Stored data entries:
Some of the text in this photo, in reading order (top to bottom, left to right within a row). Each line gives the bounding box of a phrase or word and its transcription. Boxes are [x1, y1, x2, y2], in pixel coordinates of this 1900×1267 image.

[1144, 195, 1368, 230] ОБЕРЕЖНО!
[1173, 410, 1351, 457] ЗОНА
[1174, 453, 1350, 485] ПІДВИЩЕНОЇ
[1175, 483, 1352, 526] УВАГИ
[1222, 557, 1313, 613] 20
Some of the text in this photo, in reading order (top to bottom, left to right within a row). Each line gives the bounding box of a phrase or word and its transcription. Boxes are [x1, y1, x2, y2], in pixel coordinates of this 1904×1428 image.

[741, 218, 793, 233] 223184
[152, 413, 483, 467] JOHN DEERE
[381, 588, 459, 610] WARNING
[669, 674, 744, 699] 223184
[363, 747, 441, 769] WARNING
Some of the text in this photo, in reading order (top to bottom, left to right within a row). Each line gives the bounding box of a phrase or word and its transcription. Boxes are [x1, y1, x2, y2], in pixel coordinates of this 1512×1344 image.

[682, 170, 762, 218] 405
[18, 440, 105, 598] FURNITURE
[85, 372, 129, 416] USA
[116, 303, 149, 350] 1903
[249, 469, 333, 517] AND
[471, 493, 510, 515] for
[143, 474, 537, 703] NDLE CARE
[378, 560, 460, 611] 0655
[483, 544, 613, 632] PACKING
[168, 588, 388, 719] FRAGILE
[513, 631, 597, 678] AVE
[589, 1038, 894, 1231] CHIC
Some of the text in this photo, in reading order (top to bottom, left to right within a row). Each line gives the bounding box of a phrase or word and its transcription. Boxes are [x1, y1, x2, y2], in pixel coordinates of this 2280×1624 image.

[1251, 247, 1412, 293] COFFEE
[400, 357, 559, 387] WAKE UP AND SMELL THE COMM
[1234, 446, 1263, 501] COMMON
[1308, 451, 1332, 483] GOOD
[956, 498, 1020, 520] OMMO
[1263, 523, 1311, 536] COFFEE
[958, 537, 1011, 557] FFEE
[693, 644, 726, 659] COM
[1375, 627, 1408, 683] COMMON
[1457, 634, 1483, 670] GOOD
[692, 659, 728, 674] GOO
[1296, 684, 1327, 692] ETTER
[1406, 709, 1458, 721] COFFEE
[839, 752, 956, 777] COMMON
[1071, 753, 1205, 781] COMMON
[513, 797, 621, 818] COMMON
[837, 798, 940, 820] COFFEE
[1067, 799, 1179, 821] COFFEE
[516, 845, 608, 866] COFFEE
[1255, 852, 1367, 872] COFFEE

**What needs to be done**. Exactly the lines from the one containing "this 2280×1624 image." through the final line of the records must appear in your reply, and no others.

**Result for this task**.
Some of the text in this photo, in reading order (top to bottom, left to right within a row). Each line gives the bounding box of a phrase or word and its transcription. Boxes are [x1, y1, x2, y2], in pixel coordinates of this 2280×1624 image.

[1251, 247, 1412, 293] COFFEE
[400, 357, 559, 387] WAKE UP AND SMELL THE COMM
[1234, 446, 1263, 501] COMMON
[1308, 451, 1332, 483] GOOD
[956, 498, 1020, 520] OMMO
[1263, 523, 1311, 536] COFFEE
[958, 537, 1011, 557] FFEE
[693, 644, 726, 659] COM
[1375, 627, 1408, 683] COMMON
[1457, 634, 1483, 670] GOOD
[692, 659, 728, 674] GOO
[1296, 684, 1327, 692] ETTER
[1406, 709, 1458, 721] COFFEE
[839, 752, 956, 777] COMMON
[1071, 753, 1205, 781] COMMON
[513, 797, 621, 818] COMMON
[837, 798, 940, 820] COFFEE
[1067, 799, 1179, 821] COFFEE
[516, 845, 608, 866] COFFEE
[1255, 852, 1367, 872] COFFEE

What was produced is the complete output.